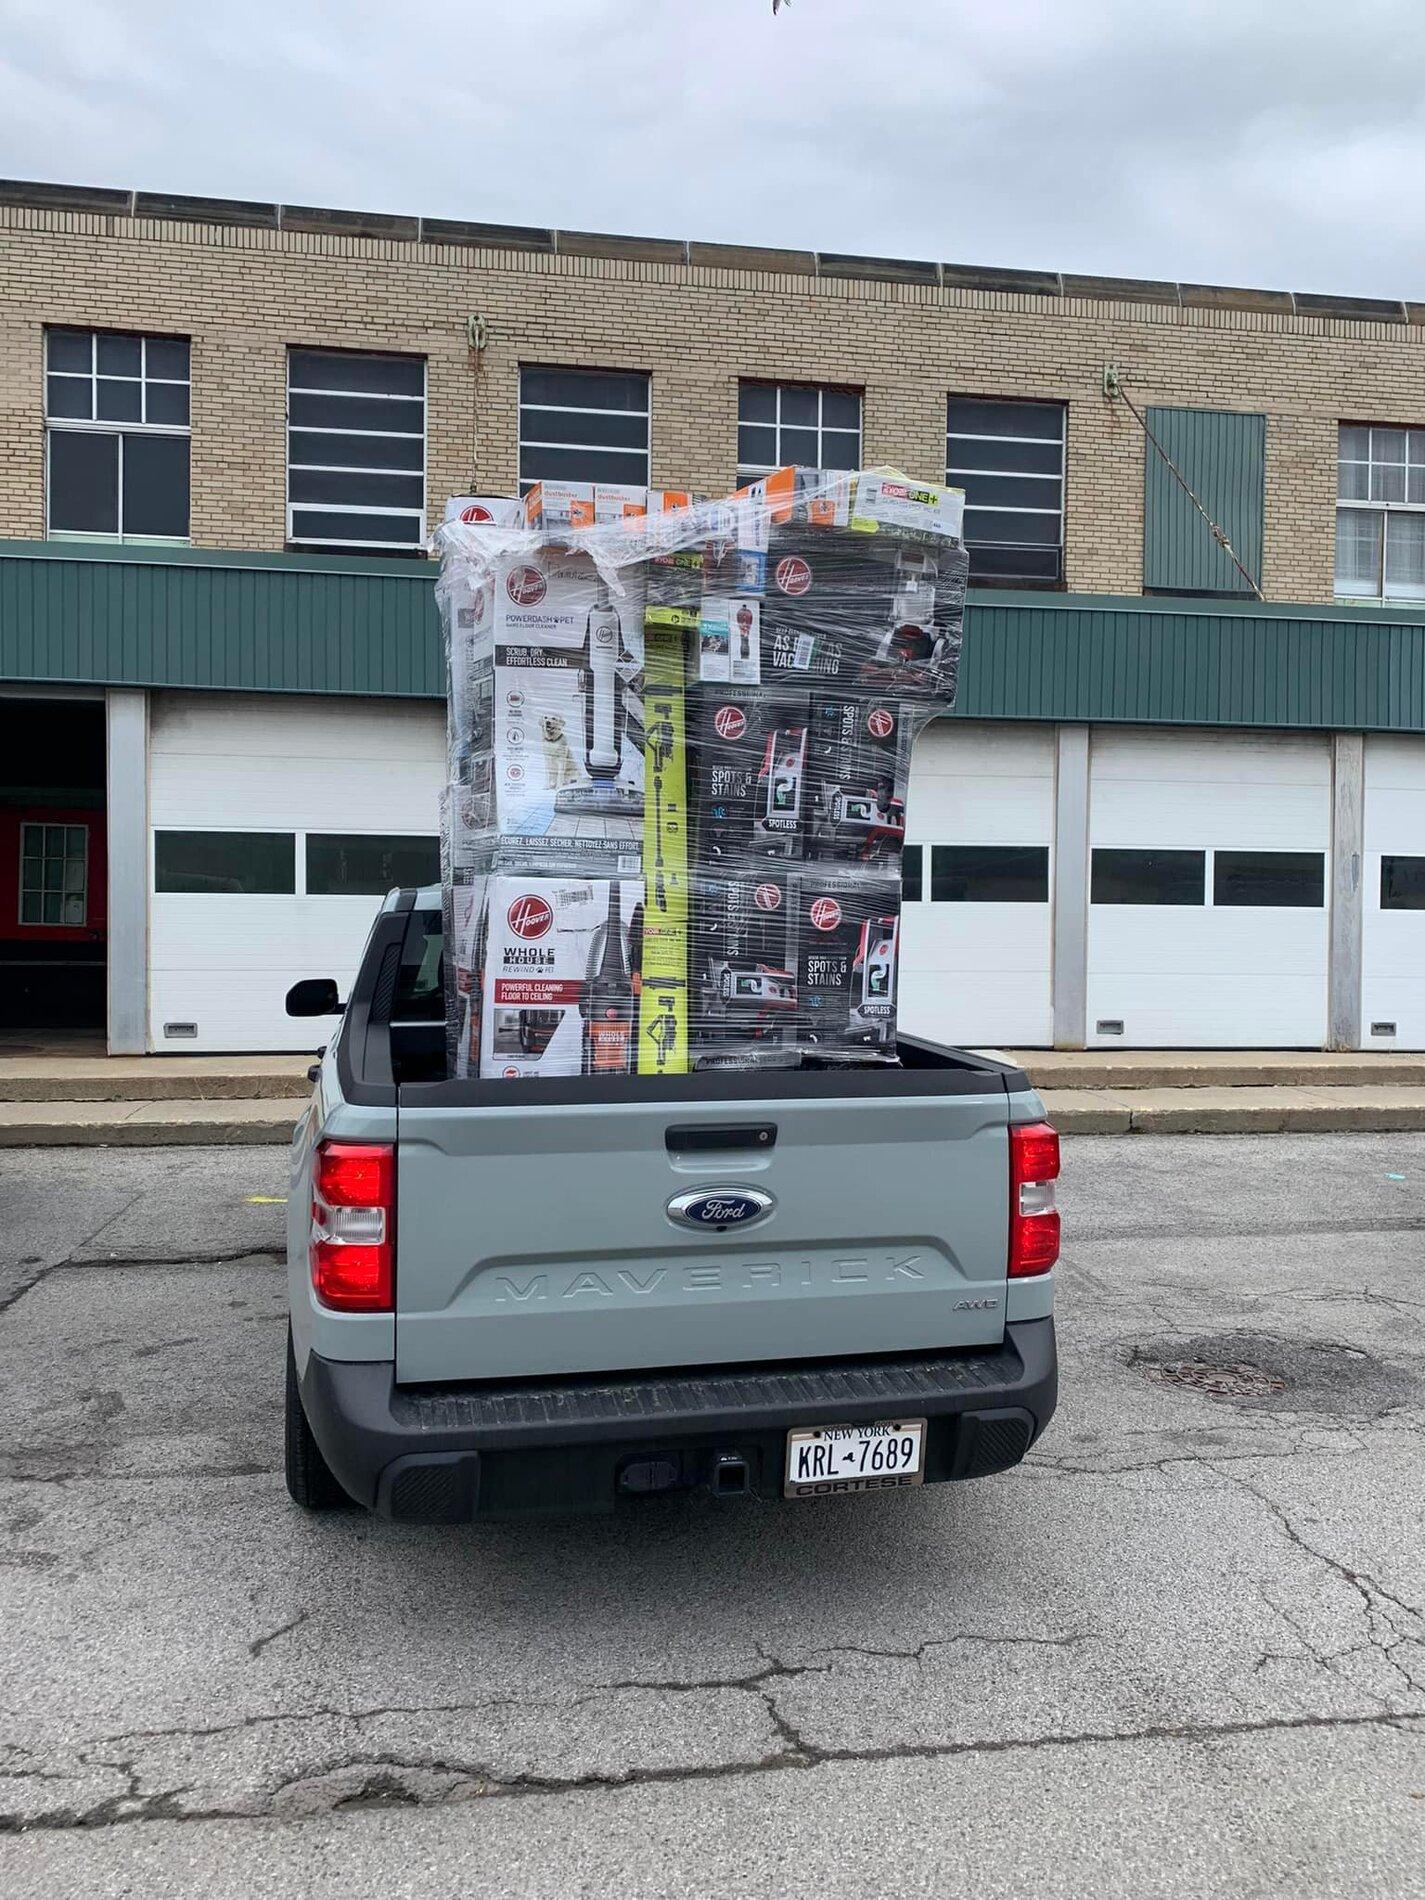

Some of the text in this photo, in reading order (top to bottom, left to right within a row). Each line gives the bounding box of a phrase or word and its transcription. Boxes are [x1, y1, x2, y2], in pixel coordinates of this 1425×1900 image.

[908, 491, 938, 505] ONE+
[506, 614, 575, 624] POWERDASH PET
[774, 635, 790, 651] AS
[506, 657, 545, 666] EFFORTLESS
[842, 706, 854, 735] SPOTS
[712, 771, 742, 784] SPOTS
[711, 783, 746, 796] STAINS
[769, 820, 796, 829] SPOTLESS
[727, 881, 739, 911] SPOTS
[511, 898, 550, 937] HOOVER
[504, 948, 555, 956] WHOLE
[508, 956, 549, 964] HOUSE
[808, 960, 847, 973] SPOTS &
[807, 973, 842, 986] STAINS
[501, 983, 563, 993] POWERFUL CLEANING
[501, 992, 553, 1001] FLOOR TO CEILING
[863, 1006, 891, 1015] SPOTLESS
[702, 1200, 746, 1219] Ford
[496, 1256, 925, 1301] MAVERICK
[953, 1299, 998, 1311] AWD
[824, 1430, 851, 1441] NEW
[857, 1426, 891, 1438] YORK
[798, 1437, 914, 1478] KRL 7689
[796, 1476, 912, 1496] CORTESE
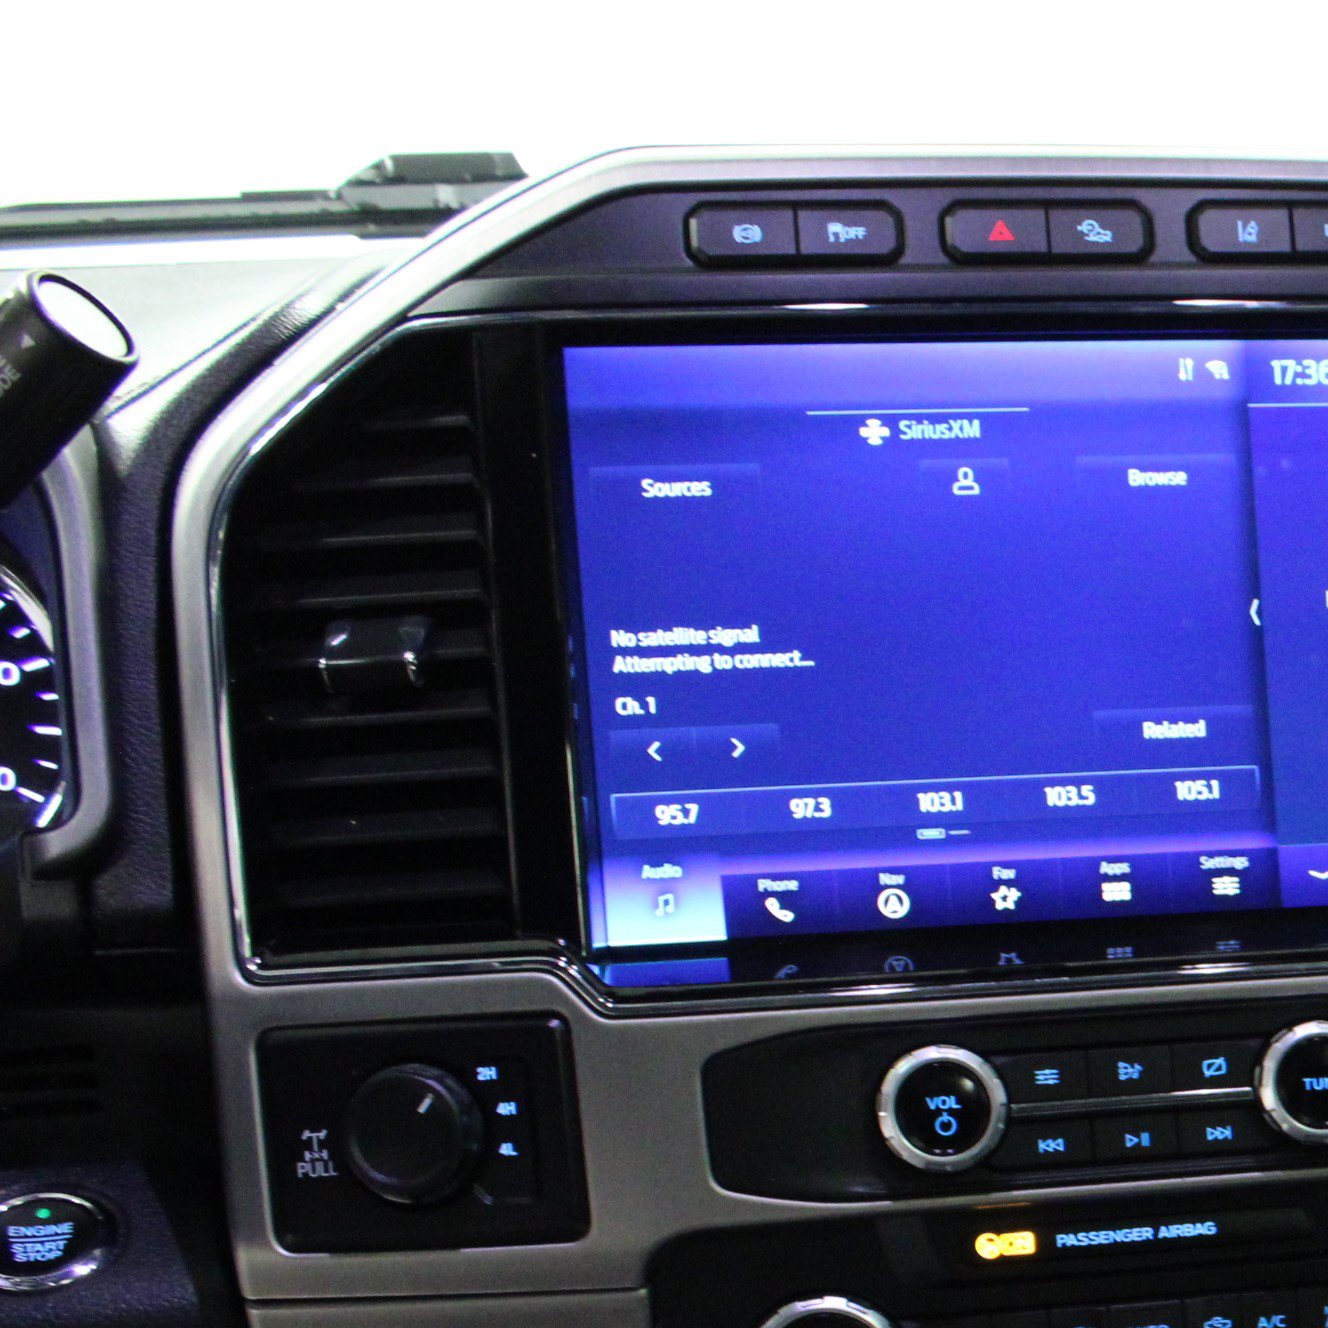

YOUR TASK:
Pictures stay out; the entries above are to be output exactly as given.

OUTPUT:
Some of the text in this photo, in reading order (top to bottom, left to right within a row). Each line gives the bounding box of a phrase or word and its transcription. Boxes are [x1, y1, x2, y2], in pixel coordinates of this 1425×1900 image.

[908, 491, 938, 505] ONE+
[506, 614, 575, 624] POWERDASH PET
[774, 635, 790, 651] AS
[506, 657, 545, 666] EFFORTLESS
[842, 706, 854, 735] SPOTS
[712, 771, 742, 784] SPOTS
[711, 783, 746, 796] STAINS
[769, 820, 796, 829] SPOTLESS
[727, 881, 739, 911] SPOTS
[511, 898, 550, 937] HOOVER
[504, 948, 555, 956] WHOLE
[508, 956, 549, 964] HOUSE
[808, 960, 847, 973] SPOTS &
[807, 973, 842, 986] STAINS
[501, 983, 563, 993] POWERFUL CLEANING
[501, 992, 553, 1001] FLOOR TO CEILING
[863, 1006, 891, 1015] SPOTLESS
[702, 1200, 746, 1219] Ford
[496, 1256, 925, 1301] MAVERICK
[953, 1299, 998, 1311] AWD
[824, 1430, 851, 1441] NEW
[857, 1426, 891, 1438] YORK
[798, 1437, 914, 1478] KRL 7689
[796, 1476, 912, 1496] CORTESE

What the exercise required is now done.